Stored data

Content starts

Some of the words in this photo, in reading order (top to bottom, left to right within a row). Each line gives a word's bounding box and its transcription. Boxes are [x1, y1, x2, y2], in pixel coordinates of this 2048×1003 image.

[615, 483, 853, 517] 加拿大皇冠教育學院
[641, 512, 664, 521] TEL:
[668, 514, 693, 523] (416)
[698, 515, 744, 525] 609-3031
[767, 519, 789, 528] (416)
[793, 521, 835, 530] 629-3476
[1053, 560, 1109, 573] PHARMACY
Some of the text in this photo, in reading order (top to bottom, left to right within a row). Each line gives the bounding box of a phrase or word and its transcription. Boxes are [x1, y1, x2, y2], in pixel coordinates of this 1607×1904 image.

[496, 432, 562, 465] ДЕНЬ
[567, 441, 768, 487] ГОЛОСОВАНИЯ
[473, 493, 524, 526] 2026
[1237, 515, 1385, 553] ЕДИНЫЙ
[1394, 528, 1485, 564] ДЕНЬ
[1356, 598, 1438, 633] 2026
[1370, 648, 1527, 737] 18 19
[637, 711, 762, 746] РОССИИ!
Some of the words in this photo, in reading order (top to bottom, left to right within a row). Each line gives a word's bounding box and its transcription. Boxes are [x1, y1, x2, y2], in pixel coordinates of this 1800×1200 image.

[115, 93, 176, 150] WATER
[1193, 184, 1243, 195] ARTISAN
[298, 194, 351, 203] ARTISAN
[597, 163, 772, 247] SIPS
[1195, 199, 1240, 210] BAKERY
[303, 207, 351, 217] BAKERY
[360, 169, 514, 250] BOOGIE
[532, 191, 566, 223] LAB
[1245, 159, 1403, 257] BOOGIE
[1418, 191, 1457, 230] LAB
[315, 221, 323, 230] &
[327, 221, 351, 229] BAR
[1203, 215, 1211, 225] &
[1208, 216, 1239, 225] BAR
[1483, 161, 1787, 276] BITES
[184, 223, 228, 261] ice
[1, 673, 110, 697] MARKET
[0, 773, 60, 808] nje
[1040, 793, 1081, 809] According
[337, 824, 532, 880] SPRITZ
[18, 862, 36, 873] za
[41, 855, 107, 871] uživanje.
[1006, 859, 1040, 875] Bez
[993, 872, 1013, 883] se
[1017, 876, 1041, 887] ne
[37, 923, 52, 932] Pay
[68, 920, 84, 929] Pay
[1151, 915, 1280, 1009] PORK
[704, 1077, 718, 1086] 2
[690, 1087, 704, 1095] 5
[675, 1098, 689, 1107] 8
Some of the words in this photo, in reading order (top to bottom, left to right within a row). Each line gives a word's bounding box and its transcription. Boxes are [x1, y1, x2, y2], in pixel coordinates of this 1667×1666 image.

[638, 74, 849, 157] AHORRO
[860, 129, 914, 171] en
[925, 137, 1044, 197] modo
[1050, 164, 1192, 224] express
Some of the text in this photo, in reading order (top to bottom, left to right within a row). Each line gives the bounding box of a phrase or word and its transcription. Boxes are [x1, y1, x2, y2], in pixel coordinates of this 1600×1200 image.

Content ends

Task prompt
All of the data is to be transcribed exactly as written.

Exercise solution
Some of the words in this photo, in reading order (top to bottom, left to right within a row). Each line gives a word's bounding box and its transcription. Boxes are [x1, y1, x2, y2], in pixel coordinates of this 2048×1003 image.

[615, 483, 853, 517] 加拿大皇冠教育學院
[641, 512, 664, 521] TEL:
[668, 514, 693, 523] (416)
[698, 515, 744, 525] 609-3031
[767, 519, 789, 528] (416)
[793, 521, 835, 530] 629-3476
[1053, 560, 1109, 573] PHARMACY
Some of the text in this photo, in reading order (top to bottom, left to right within a row). Each line gives the bounding box of a phrase or word and its transcription. Boxes are [x1, y1, x2, y2], in pixel coordinates of this 1607×1904 image.

[496, 432, 562, 465] ДЕНЬ
[567, 441, 768, 487] ГОЛОСОВАНИЯ
[473, 493, 524, 526] 2026
[1237, 515, 1385, 553] ЕДИНЫЙ
[1394, 528, 1485, 564] ДЕНЬ
[1356, 598, 1438, 633] 2026
[1370, 648, 1527, 737] 18 19
[637, 711, 762, 746] РОССИИ!
Some of the words in this photo, in reading order (top to bottom, left to right within a row). Each line gives a word's bounding box and its transcription. Boxes are [x1, y1, x2, y2], in pixel coordinates of this 1800×1200 image.

[115, 93, 176, 150] WATER
[1193, 184, 1243, 195] ARTISAN
[298, 194, 351, 203] ARTISAN
[597, 163, 772, 247] SIPS
[1195, 199, 1240, 210] BAKERY
[303, 207, 351, 217] BAKERY
[360, 169, 514, 250] BOOGIE
[532, 191, 566, 223] LAB
[1245, 159, 1403, 257] BOOGIE
[1418, 191, 1457, 230] LAB
[315, 221, 323, 230] &
[327, 221, 351, 229] BAR
[1203, 215, 1211, 225] &
[1208, 216, 1239, 225] BAR
[1483, 161, 1787, 276] BITES
[184, 223, 228, 261] ice
[1, 673, 110, 697] MARKET
[0, 773, 60, 808] nje
[1040, 793, 1081, 809] According
[337, 824, 532, 880] SPRITZ
[18, 862, 36, 873] za
[41, 855, 107, 871] uživanje.
[1006, 859, 1040, 875] Bez
[993, 872, 1013, 883] se
[1017, 876, 1041, 887] ne
[37, 923, 52, 932] Pay
[68, 920, 84, 929] Pay
[1151, 915, 1280, 1009] PORK
[704, 1077, 718, 1086] 2
[690, 1087, 704, 1095] 5
[675, 1098, 689, 1107] 8
Some of the words in this photo, in reading order (top to bottom, left to right within a row). Each line gives a word's bounding box and its transcription. Boxes are [x1, y1, x2, y2], in pixel coordinates of this 1667×1666 image.

[638, 74, 849, 157] AHORRO
[860, 129, 914, 171] en
[925, 137, 1044, 197] modo
[1050, 164, 1192, 224] express
Some of the text in this photo, in reading order (top to bottom, left to right within a row). Each line gives the bounding box of a phrase or word and its transcription. Boxes are [x1, y1, x2, y2], in pixel coordinates of this 1600×1200 image.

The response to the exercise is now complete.